10.2.3 Assessing Graphics (and Other Analyses)
Critical Task | Needs Improvement | Basic | Surpassed |
---|---|---|---|
Computation Perform computations | Computations contain errors and extraneous code | Computations are correct but contain extraneous / unnecessary computations | Computations are correct and properly identified and labeled |
Analysis Choose and carry out analysis appropriate for data and content(s) | Choice of analysis is overly simplistic, irrelevant, or missing key component | Analysis appropriate, but incomplete, or not important features and assumptions not made explicit | Analysis appropriate, complete, advanced, relevant, and informative |
Synthesis Identify key features of the analysis, and interpret results (including context) | Conclusions are missing, incorrect, or not made based on results of analysis | Conclusions reasonable, but is partially correct or partially complete | Make relevant conclusions explicitly connect to analysis and to context |
Visual presentation Communicate findings graphically clearly, precisely, and concisely | Inappropriate choice of plots; poorly labeled plots; plots missing | Plots convey information correctly but lack context for interpretation | Plots convey information correctly with adequate / appropriate reference information |
Written Communicate findings clearly, precisely, and concisely | Explanation is illogical, incorrect, or incoherent | Explanation is partially correct but incomplete or unconvincing | Explanation is correct, complete, and convincing |
A rubric for assessing analysis and corresponding visualization. Note that there can be a large amount of information gained in moving from basic competency to surpassed competency. Table taken from Nolan and Perrett (2016).
10.3 Reflection questions
What different aspects deconstruct a plot?

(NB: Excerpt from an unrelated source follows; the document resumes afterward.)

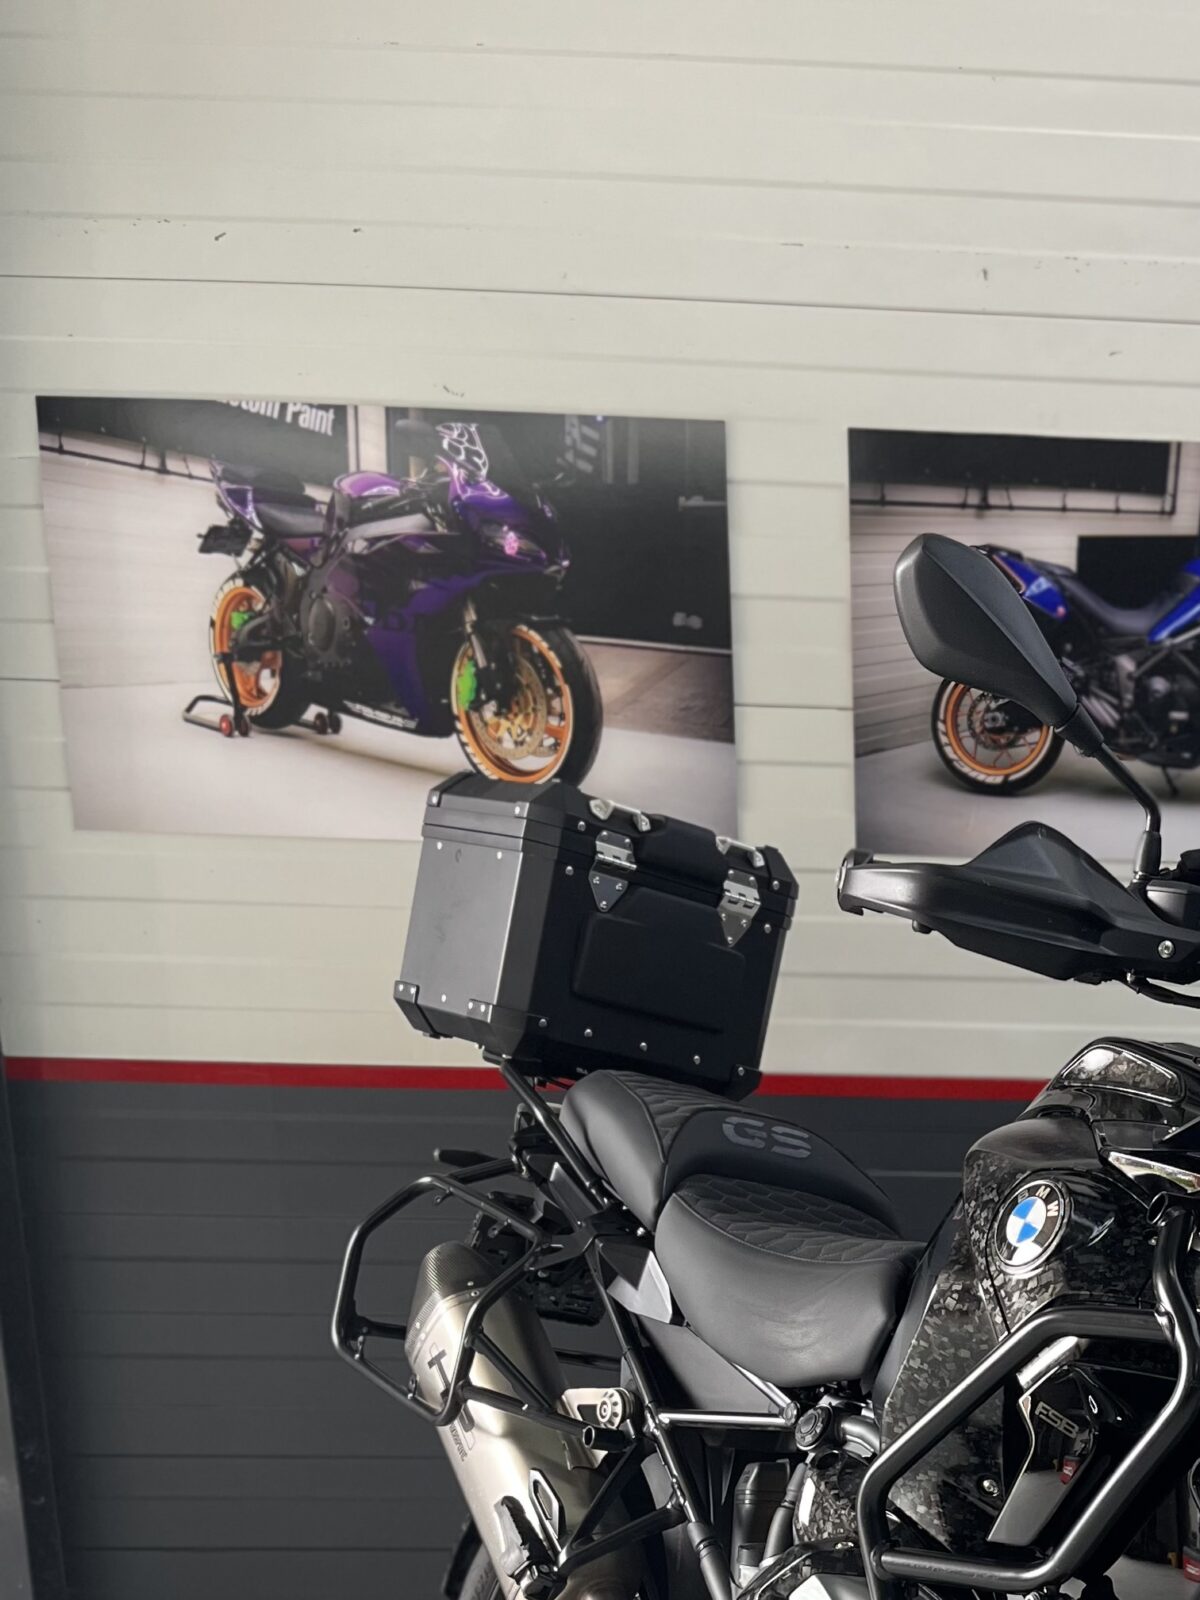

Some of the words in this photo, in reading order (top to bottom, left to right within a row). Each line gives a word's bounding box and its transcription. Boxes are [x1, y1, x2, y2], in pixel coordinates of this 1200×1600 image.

Provide some of the guidelines which lead to improved visualizations.
Consider the comparison of interest, does your plot make that comparison easily and accurately?
10.4 Ethics considerations
What are you trying to communicate with your plot? Is that what your graph communicates?
Did you add alt text to your images? (see Writing Alt Text for Data Visualizations)
Is your plot accessible to those who are color blind or looking at the image in black and white?